▸ Task brief:
Repeat every record exactly, omitting the pictures.

[Phrase grounding data]
§
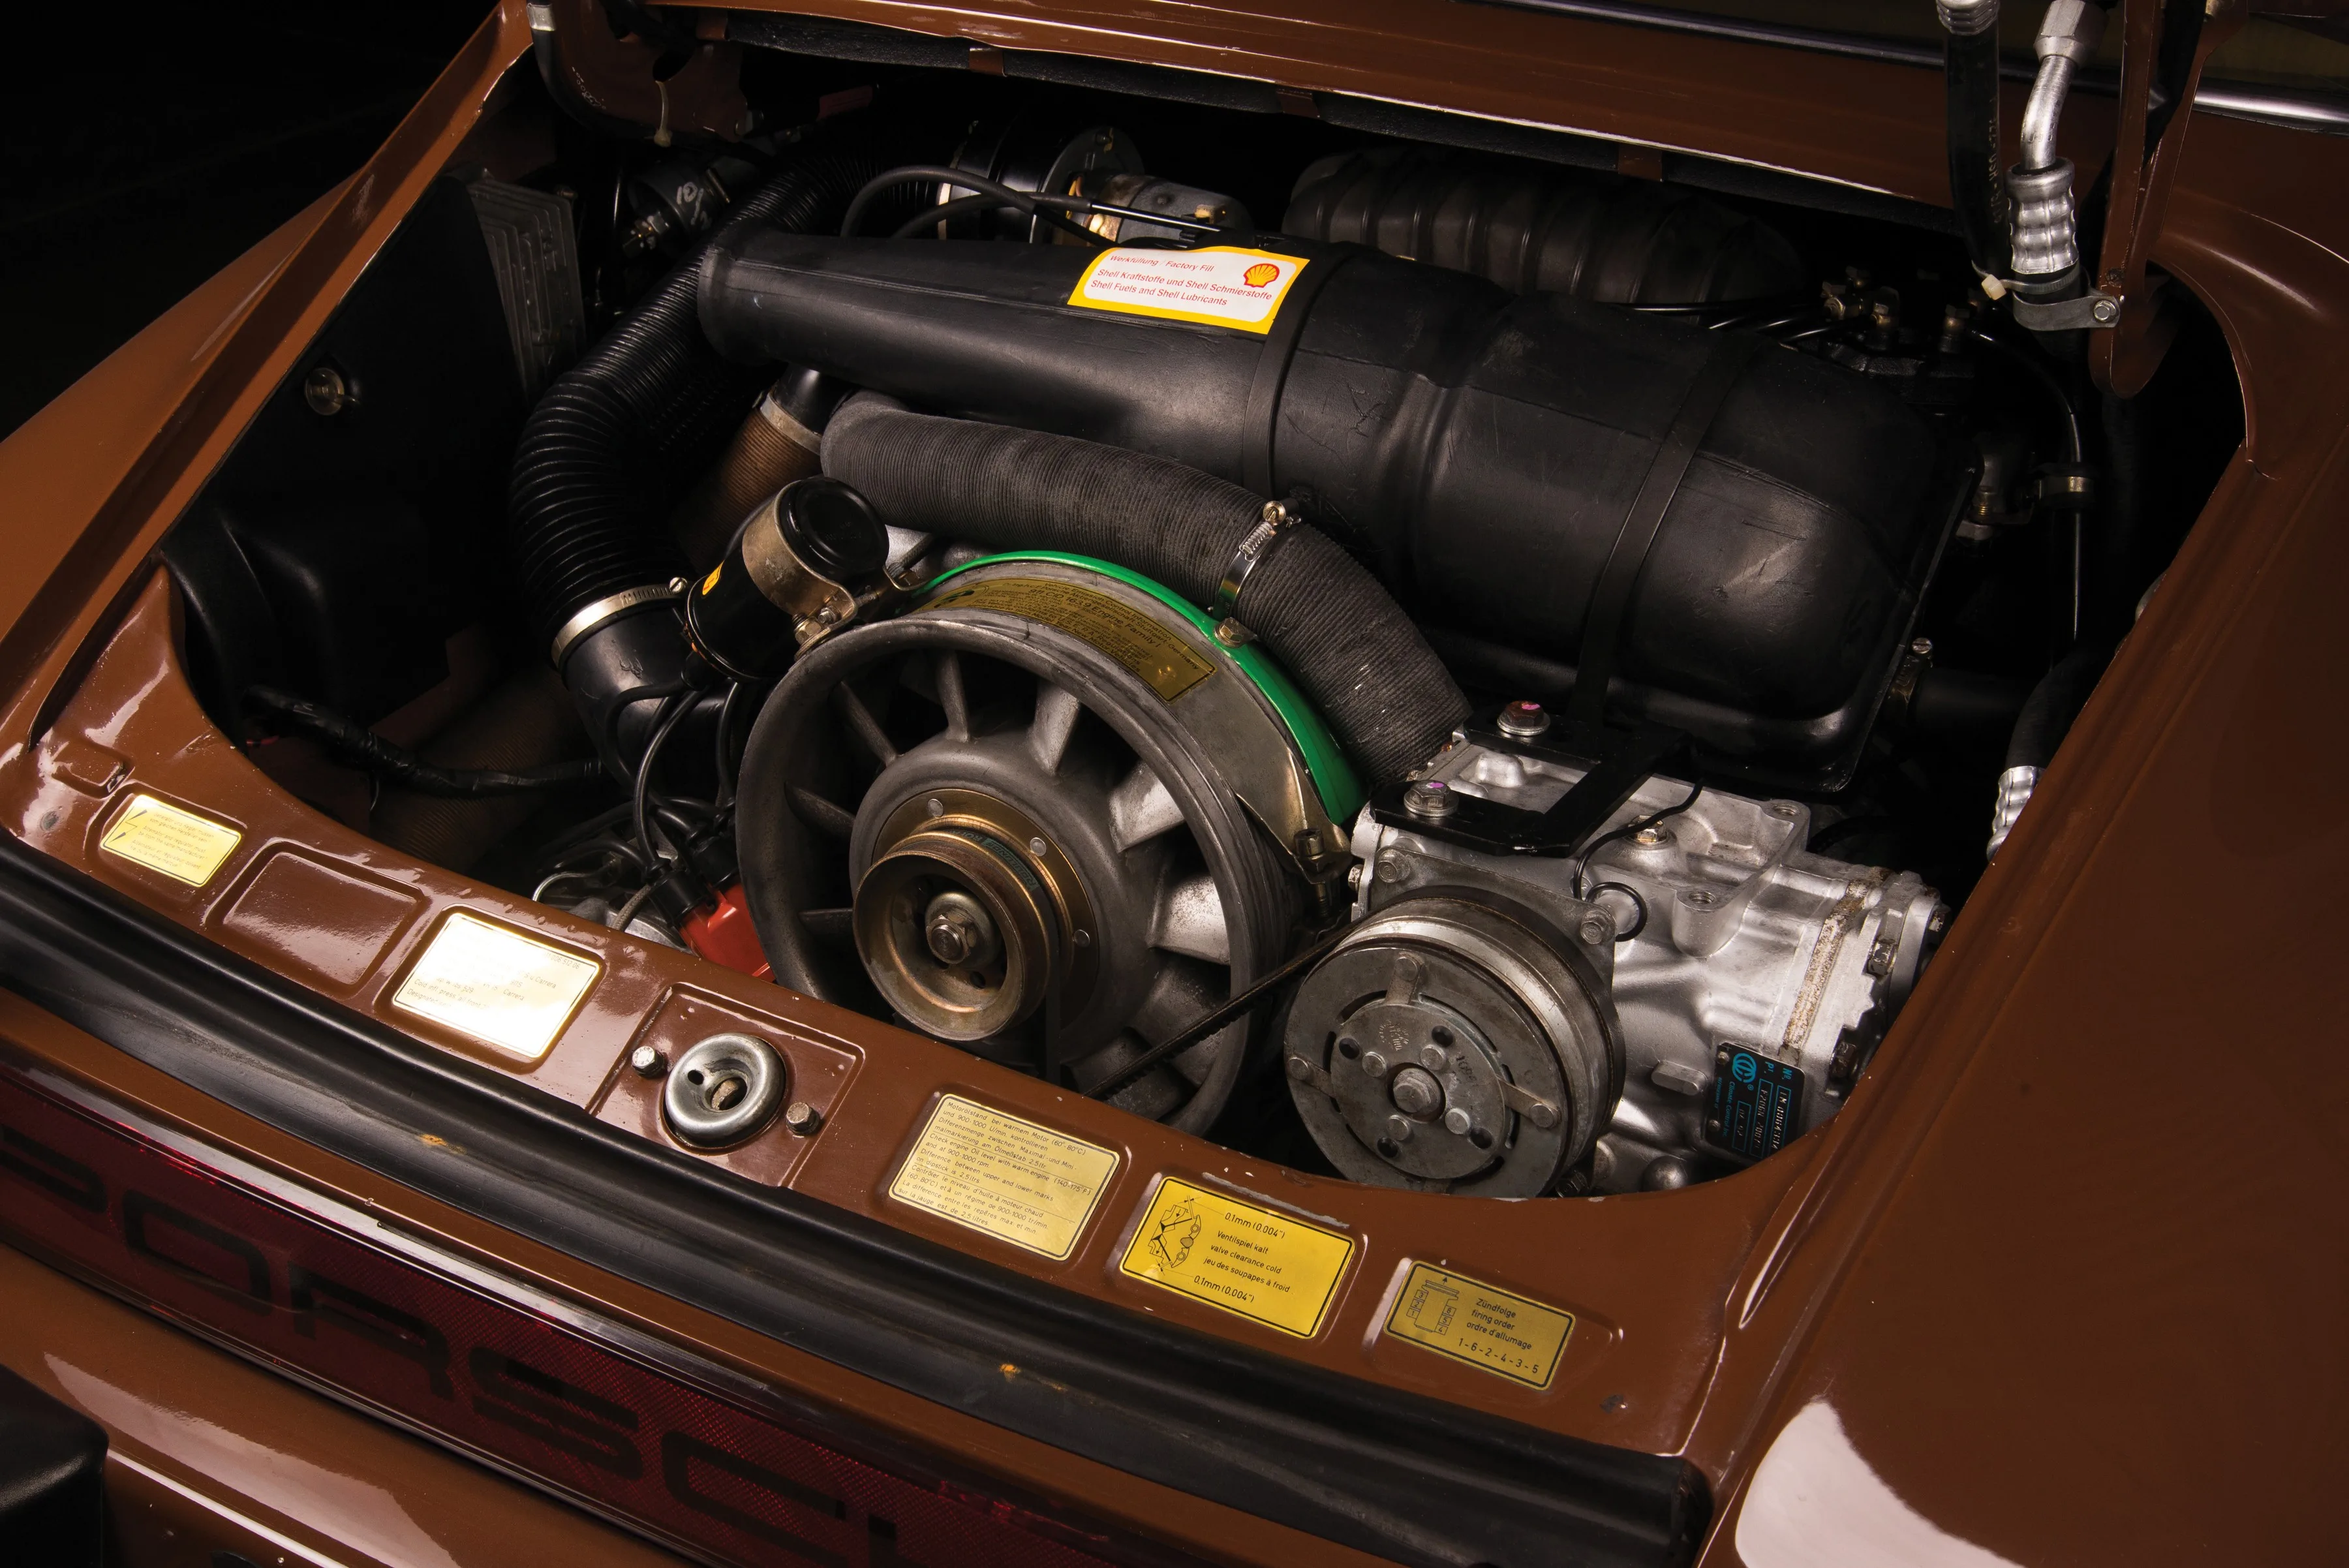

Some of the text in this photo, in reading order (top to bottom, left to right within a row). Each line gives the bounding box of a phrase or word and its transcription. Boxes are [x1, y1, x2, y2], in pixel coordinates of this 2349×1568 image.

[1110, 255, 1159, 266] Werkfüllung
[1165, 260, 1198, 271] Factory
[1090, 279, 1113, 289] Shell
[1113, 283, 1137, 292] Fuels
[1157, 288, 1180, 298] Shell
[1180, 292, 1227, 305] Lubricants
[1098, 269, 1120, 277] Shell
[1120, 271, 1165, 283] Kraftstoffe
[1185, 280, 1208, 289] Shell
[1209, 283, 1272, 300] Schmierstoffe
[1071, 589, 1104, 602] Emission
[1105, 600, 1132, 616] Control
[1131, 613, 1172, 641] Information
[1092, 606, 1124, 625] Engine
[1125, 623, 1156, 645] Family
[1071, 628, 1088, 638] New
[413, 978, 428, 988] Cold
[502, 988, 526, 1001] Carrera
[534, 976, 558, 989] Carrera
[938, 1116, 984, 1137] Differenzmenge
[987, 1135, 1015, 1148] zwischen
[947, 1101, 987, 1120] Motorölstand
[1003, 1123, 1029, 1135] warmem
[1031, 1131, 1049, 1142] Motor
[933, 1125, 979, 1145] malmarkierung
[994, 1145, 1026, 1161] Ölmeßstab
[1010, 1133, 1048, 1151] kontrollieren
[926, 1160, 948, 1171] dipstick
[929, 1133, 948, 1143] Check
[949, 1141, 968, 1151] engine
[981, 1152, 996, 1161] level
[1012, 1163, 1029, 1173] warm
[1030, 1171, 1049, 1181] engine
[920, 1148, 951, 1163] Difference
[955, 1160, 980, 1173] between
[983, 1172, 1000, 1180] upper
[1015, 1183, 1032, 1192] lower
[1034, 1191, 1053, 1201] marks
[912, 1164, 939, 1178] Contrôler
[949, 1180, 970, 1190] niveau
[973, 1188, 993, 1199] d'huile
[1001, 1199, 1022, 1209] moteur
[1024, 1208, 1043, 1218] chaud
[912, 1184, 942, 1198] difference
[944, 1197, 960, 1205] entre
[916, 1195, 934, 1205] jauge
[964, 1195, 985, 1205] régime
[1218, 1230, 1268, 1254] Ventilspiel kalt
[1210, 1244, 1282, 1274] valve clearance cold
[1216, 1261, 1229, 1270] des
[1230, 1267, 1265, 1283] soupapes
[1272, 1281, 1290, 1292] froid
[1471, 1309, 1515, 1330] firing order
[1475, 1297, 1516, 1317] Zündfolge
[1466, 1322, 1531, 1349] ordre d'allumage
§
▸ Expected output:
Some of the text in this photo, in reading order (top to bottom, left to right within a row). Each line gives the bounding box of a phrase or word and its transcription. Boxes are [x1, y1, x2, y2], in pixel coordinates of this 2349×1568 image.

[1110, 255, 1159, 266] Werkfüllung
[1165, 260, 1198, 271] Factory
[1090, 279, 1113, 289] Shell
[1113, 283, 1137, 292] Fuels
[1157, 288, 1180, 298] Shell
[1180, 292, 1227, 305] Lubricants
[1098, 269, 1120, 277] Shell
[1120, 271, 1165, 283] Kraftstoffe
[1185, 280, 1208, 289] Shell
[1209, 283, 1272, 300] Schmierstoffe
[1071, 589, 1104, 602] Emission
[1105, 600, 1132, 616] Control
[1131, 613, 1172, 641] Information
[1092, 606, 1124, 625] Engine
[1125, 623, 1156, 645] Family
[1071, 628, 1088, 638] New
[413, 978, 428, 988] Cold
[502, 988, 526, 1001] Carrera
[534, 976, 558, 989] Carrera
[938, 1116, 984, 1137] Differenzmenge
[987, 1135, 1015, 1148] zwischen
[947, 1101, 987, 1120] Motorölstand
[1003, 1123, 1029, 1135] warmem
[1031, 1131, 1049, 1142] Motor
[933, 1125, 979, 1145] malmarkierung
[994, 1145, 1026, 1161] Ölmeßstab
[1010, 1133, 1048, 1151] kontrollieren
[926, 1160, 948, 1171] dipstick
[929, 1133, 948, 1143] Check
[949, 1141, 968, 1151] engine
[981, 1152, 996, 1161] level
[1012, 1163, 1029, 1173] warm
[1030, 1171, 1049, 1181] engine
[920, 1148, 951, 1163] Difference
[955, 1160, 980, 1173] between
[983, 1172, 1000, 1180] upper
[1015, 1183, 1032, 1192] lower
[1034, 1191, 1053, 1201] marks
[912, 1164, 939, 1178] Contrôler
[949, 1180, 970, 1190] niveau
[973, 1188, 993, 1199] d'huile
[1001, 1199, 1022, 1209] moteur
[1024, 1208, 1043, 1218] chaud
[912, 1184, 942, 1198] difference
[944, 1197, 960, 1205] entre
[916, 1195, 934, 1205] jauge
[964, 1195, 985, 1205] régime
[1218, 1230, 1268, 1254] Ventilspiel kalt
[1210, 1244, 1282, 1274] valve clearance cold
[1216, 1261, 1229, 1270] des
[1230, 1267, 1265, 1283] soupapes
[1272, 1281, 1290, 1292] froid
[1471, 1309, 1515, 1330] firing order
[1475, 1297, 1516, 1317] Zündfolge
[1466, 1322, 1531, 1349] ordre d'allumage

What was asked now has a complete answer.